Die tieferen Erfahrungen sind nicht vergänglich, sie sind immer da und je nach Tiefe des Schauens unterschiedlich intensiv wahrnehmbar. Der Frieden und die Liebe sind die Wahrheit und hinter und in allem vorhanden. In diesem Sinne sind sie der tiefe Ozean, und alles darüber – auch existenzielle Ängste, Verzweiflung oder traumatische Spuren (Bündel aus Körper-Bilder-Gefühlen) sind nur die Wellen an der Oberfläche.

Innere Kinder wahrnehmen und Beziehung aufbauen

Es geht beim bewussten Fühlen sehr oft um die Wahrnehmung der inneren Kinder. Oft regieren die unbewussten inneren Kinder unser Verhalten z.B. auf politischen Ebenen, in Unternehmen, in Beziehungen, in Familien und sogar zwischen Staaten. Es sind die ängstlichen, wütenden, traurigen inneren Kinder und deren Wächter, die in uns agieren.

Viel Leid, Brutalität, Unfreundlichkeit, Hilflosigkeit, Bedürftigkeit entsteht durch das unerlöste innere Kind. Kinder zeichnen sich aus durch: Ungeduld, Lebendigkeit, Dazwischenreden, nur-für-sich-haben-Wollen, Grenzen schützen, Verletzlichkeit.
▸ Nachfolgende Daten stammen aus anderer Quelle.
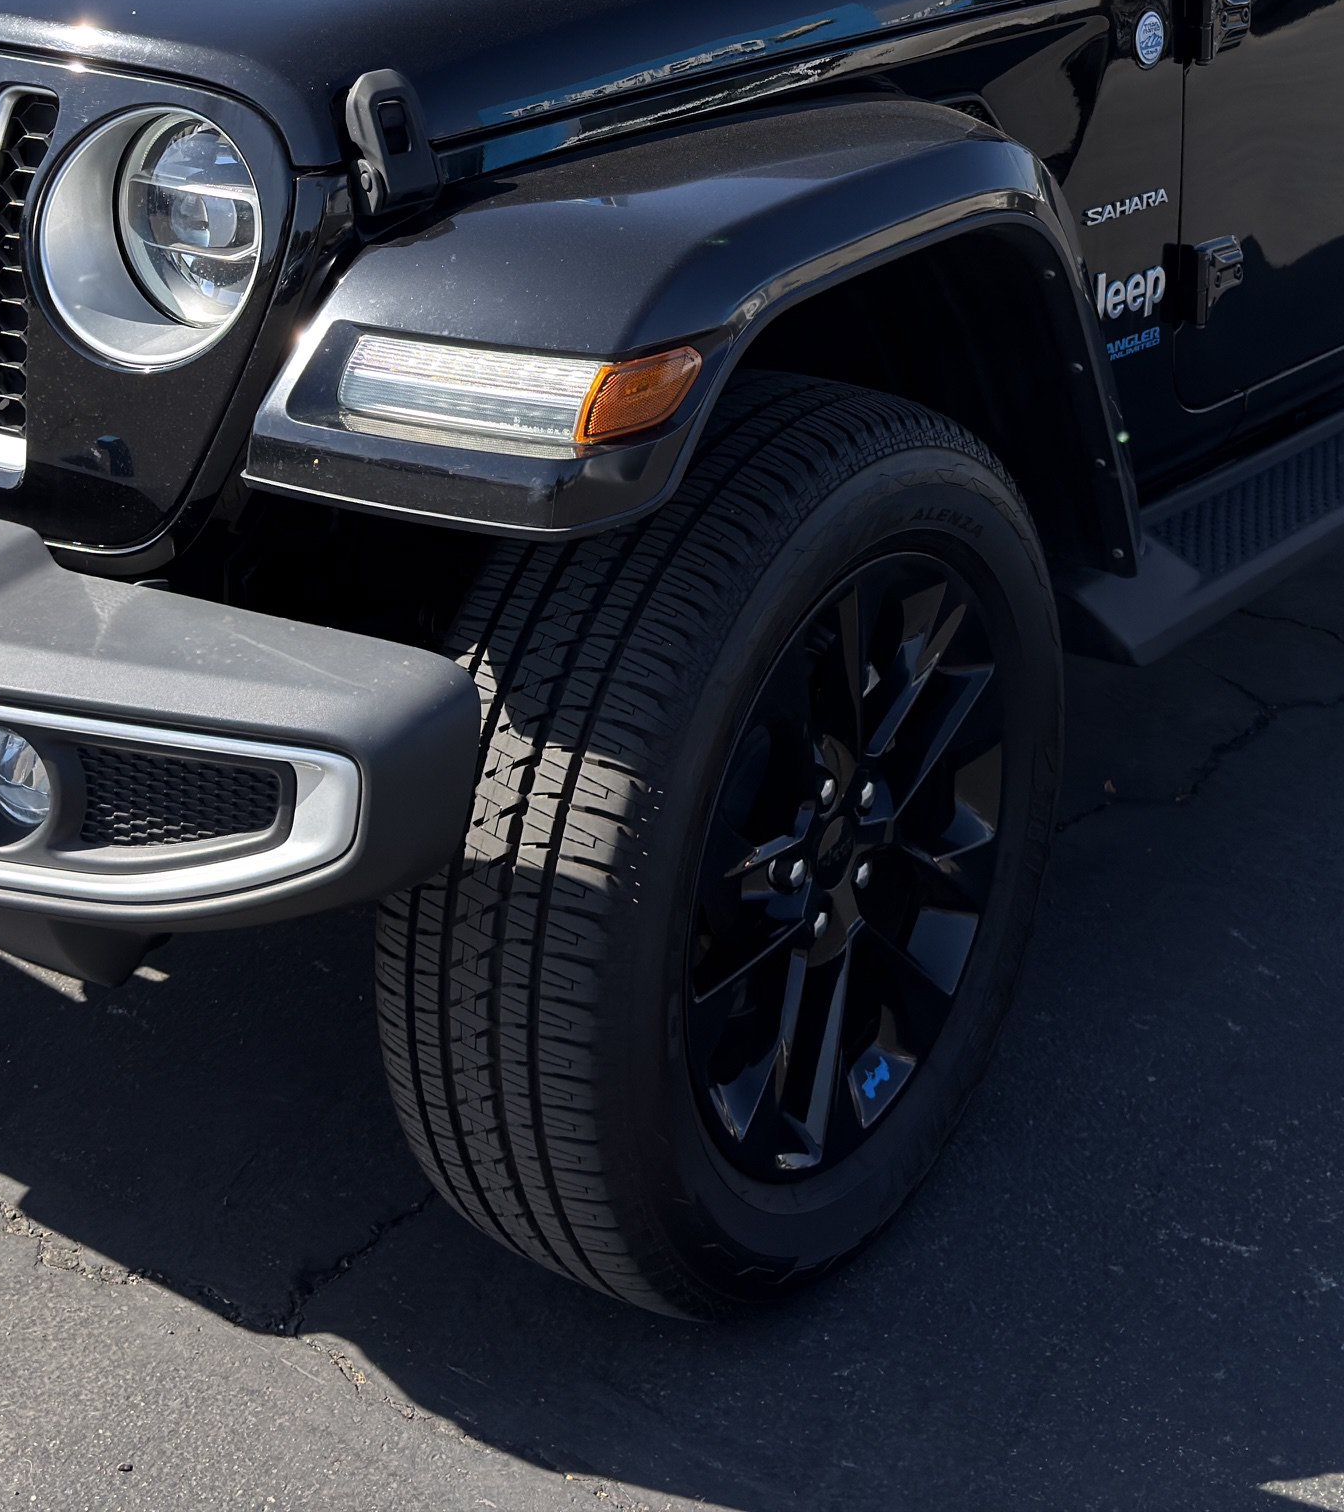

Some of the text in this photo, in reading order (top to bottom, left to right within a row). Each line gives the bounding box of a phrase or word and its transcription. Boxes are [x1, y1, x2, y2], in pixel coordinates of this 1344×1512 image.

[1084, 187, 1169, 227] SAHARA
[1096, 265, 1166, 320] Jeep
[1106, 326, 1160, 354] ANGLER
[1110, 338, 1160, 361] NLIMITED
[909, 506, 984, 538] ALENZA
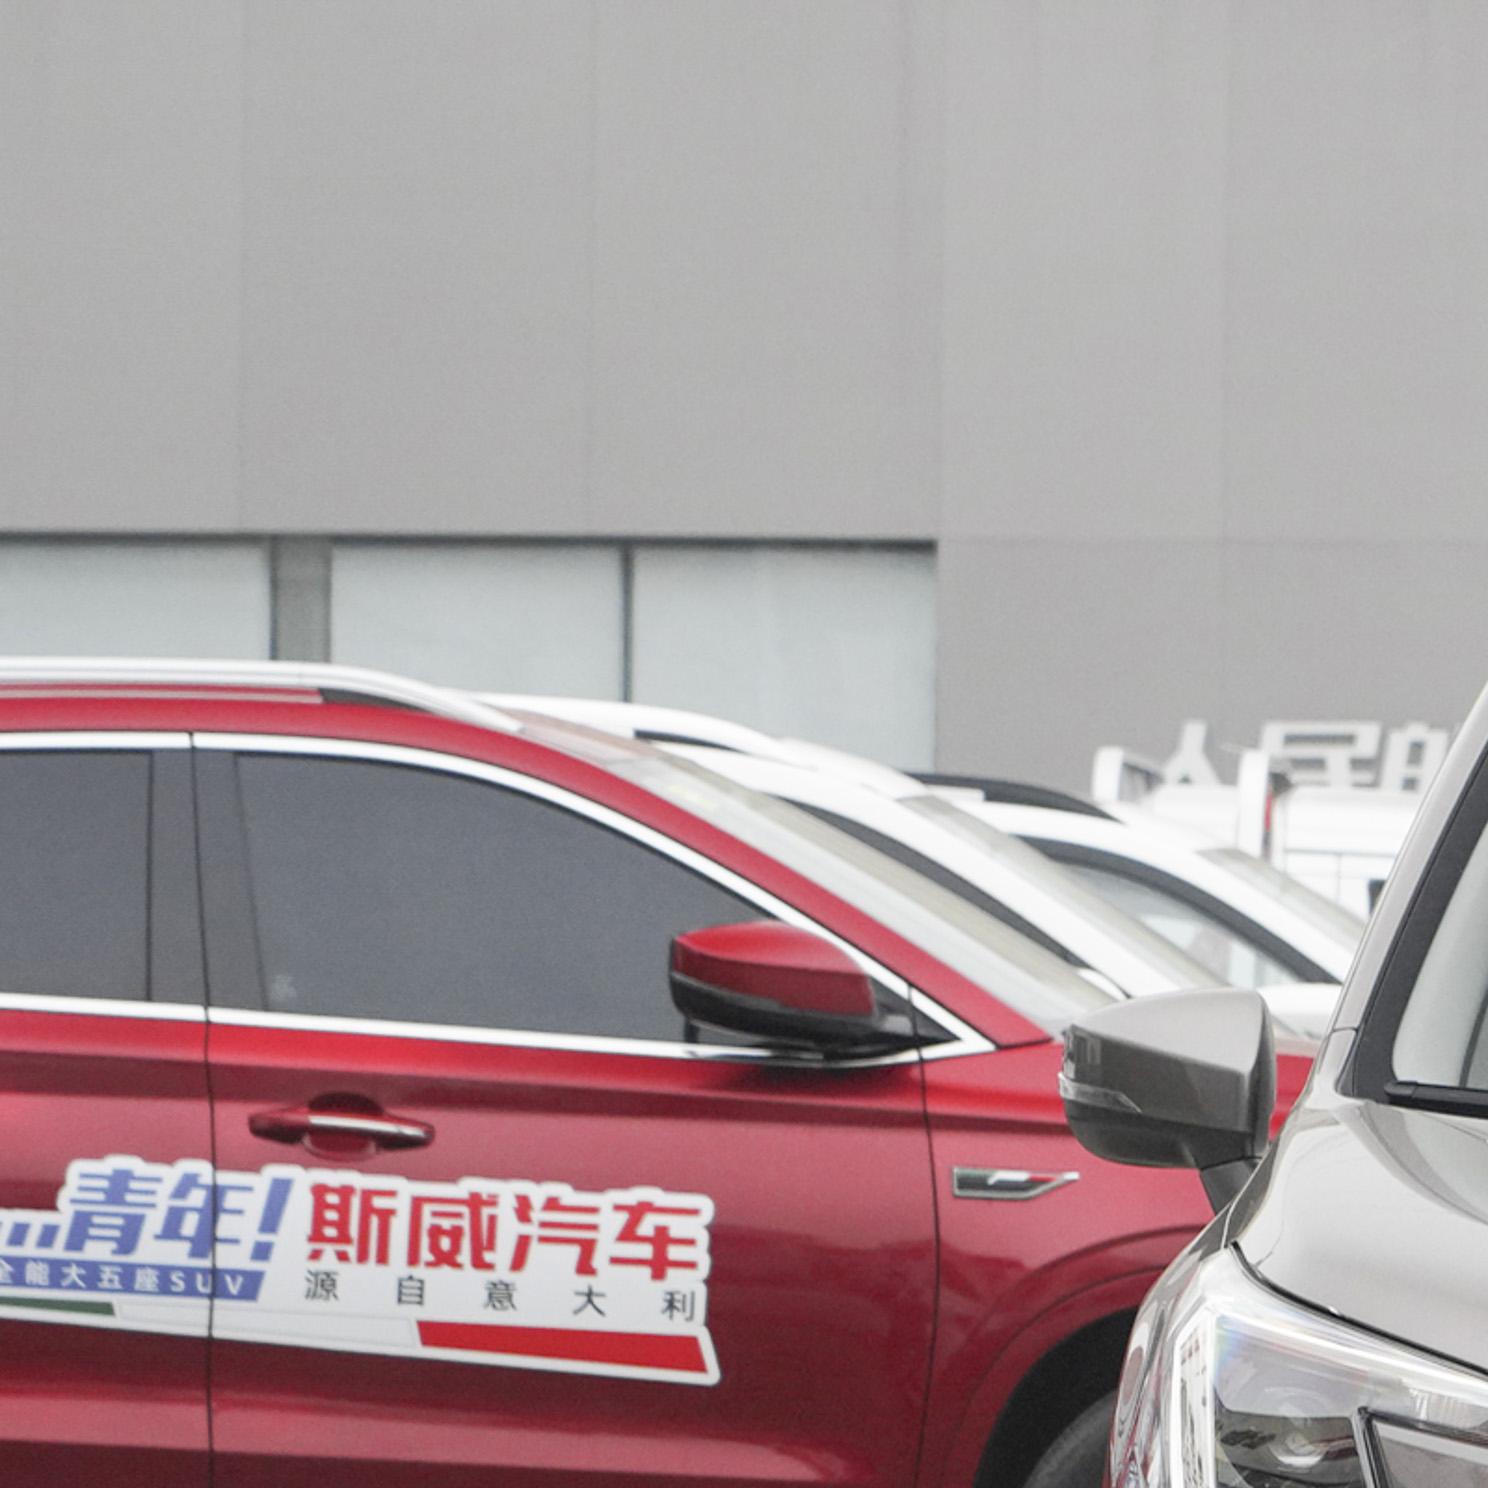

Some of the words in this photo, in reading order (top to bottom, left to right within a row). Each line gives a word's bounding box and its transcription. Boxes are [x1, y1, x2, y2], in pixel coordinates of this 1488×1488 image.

[307, 1183, 701, 1282] 斯威汽车
[304, 1269, 697, 1322] 源自意大利
Harmonie auf der Erde braucht die Anerkennung und Erforschung der inneren Kinder und deren Heilung. Der Gastgeber und Beobachter in uns ist nicht das innere Kind, aber er kann es als einziger wahrnehmen, heilen und befriedigen. Niemand kann uns das abnehmen.  So können wir wirklich erwachsen werden und die kindliche Spontanität und Schöpferkraft behalten.